Typo: Falco 2.0 in Table 2.

Review #3
Anonymous submitted on 07/Sep/2025
Suggestion:
Reject
Review Comment:

This paper presents an exploration of how open-source LLMs can be integrated into semantic web workflows for entity linking in narrative graphs.
The authors test LLMs in combination with Wikidata SPARQL queries and Wikipedia APIs, in a layered way, showing the incremental contribution of these tools on top of the small LLMs.

The work is rather original as it is the first application of these technologies to narrative graphs. The stepwise refinement shows also the weaknesses of naïve prompting. These informations are not completely new and sort of expected, however, therefore the innovation value is moderate.

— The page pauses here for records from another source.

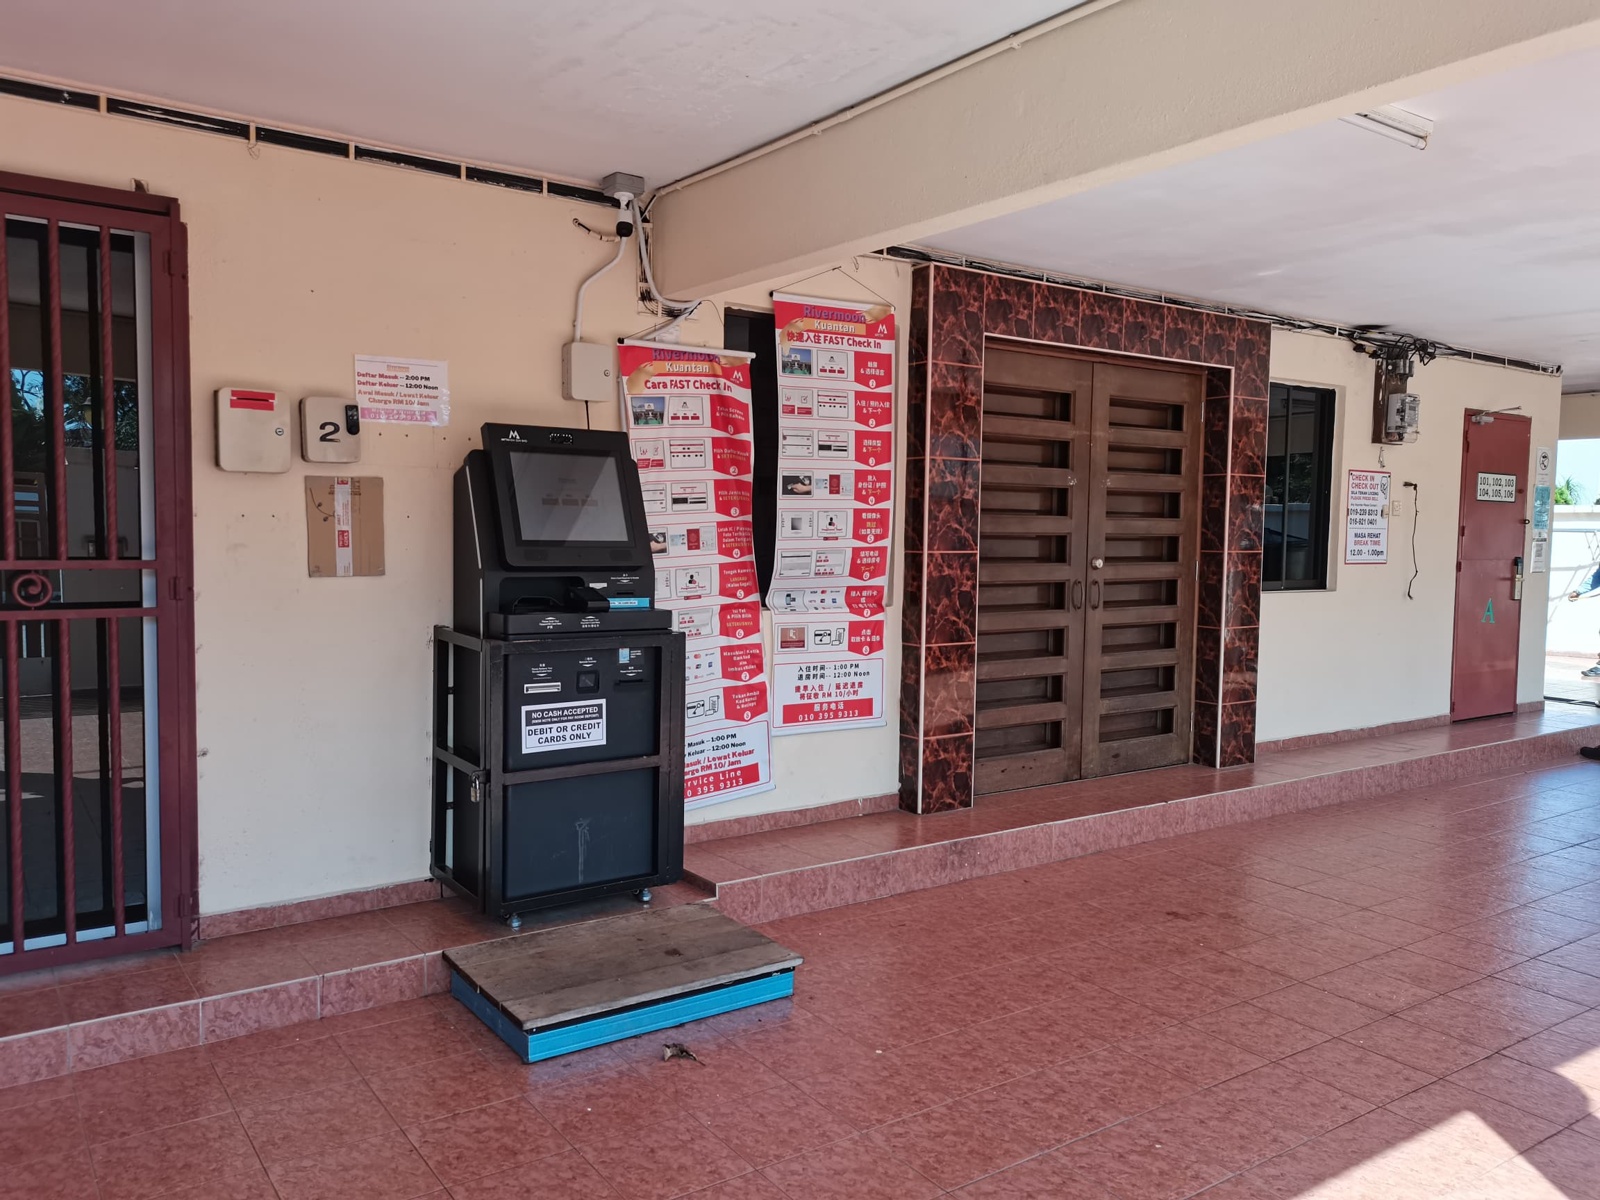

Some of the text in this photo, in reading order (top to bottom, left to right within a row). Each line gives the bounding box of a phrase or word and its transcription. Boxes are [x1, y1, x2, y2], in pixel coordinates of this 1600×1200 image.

[803, 305, 866, 324] Rivermoon
[814, 319, 856, 333] Kuantan
[786, 330, 882, 350] 快速入住 FAST Check In
[666, 362, 710, 373] Kuantan
[644, 380, 668, 390] Cara
[670, 380, 690, 390] FAST
[692, 380, 721, 391] Check
[723, 382, 732, 393] In
[319, 422, 340, 442] 2
[1479, 476, 1514, 488] 101, 102, 103
[1479, 488, 1513, 500] 104, 105, 106
[1481, 598, 1495, 624] A
[835, 689, 859, 698] 10/小时
[531, 706, 598, 719] NO CASH ACCEPTED
[814, 702, 844, 712] 服务电话
[798, 710, 859, 722] 010 395 9313
[527, 722, 602, 737] DEBIT OR CREDIT
[538, 732, 592, 745] CARDS ONLY
[687, 739, 705, 748] Masuk
[710, 734, 725, 742] 1:00
[688, 748, 705, 757] Keluar
[712, 743, 730, 752] 12:00
[685, 759, 702, 768] asuk
[707, 753, 731, 763] Lewat
[732, 749, 755, 758] Keluar
[700, 764, 712, 772] RM
[714, 761, 726, 769] 10/
[720, 770, 742, 780] Line
[697, 778, 743, 795] 395 9313

About the results obtained, the dataset is limited in size (30 narratives with 330 entities). I understand the justification based on the sample size determination formula to indicate that this subset is sufficient to reproduce the results expected on the larger sample of 454 narratives. However, the provided justification is exclusively statistic. It does not take into account the variability of descriptions in language. Also, despite the indication of three clear groups/types of narratives, it is not said whether the subset of 30 narratives include representants from all groups.

Looking at the results, considering the 0.05 error margin included by this selection, it is clear that in most tables the F1 is not statistically different for the top 3-4 results, limiting the possibility of interpretation of the results. Some results are quite surprising such as 9b models exceeding the performance of larger ones. A graph linking model size and results would have been useful.

The lack of a comparison with closed models (eg GPT-n) does not allow to appreciate how far are these results from those of larger, commercial models.

The annotation was carried out only by an expert (at least two would be recommended for these tasks).

Note also that the format doesn't seem appropriate to the SWJ style.

In conclusion, given the drawbacks previously listed, it seems that the paper would need a major overhaul with more experiments and dataset re-annotation. It seems too much for a revision, so I'm proposing rejection.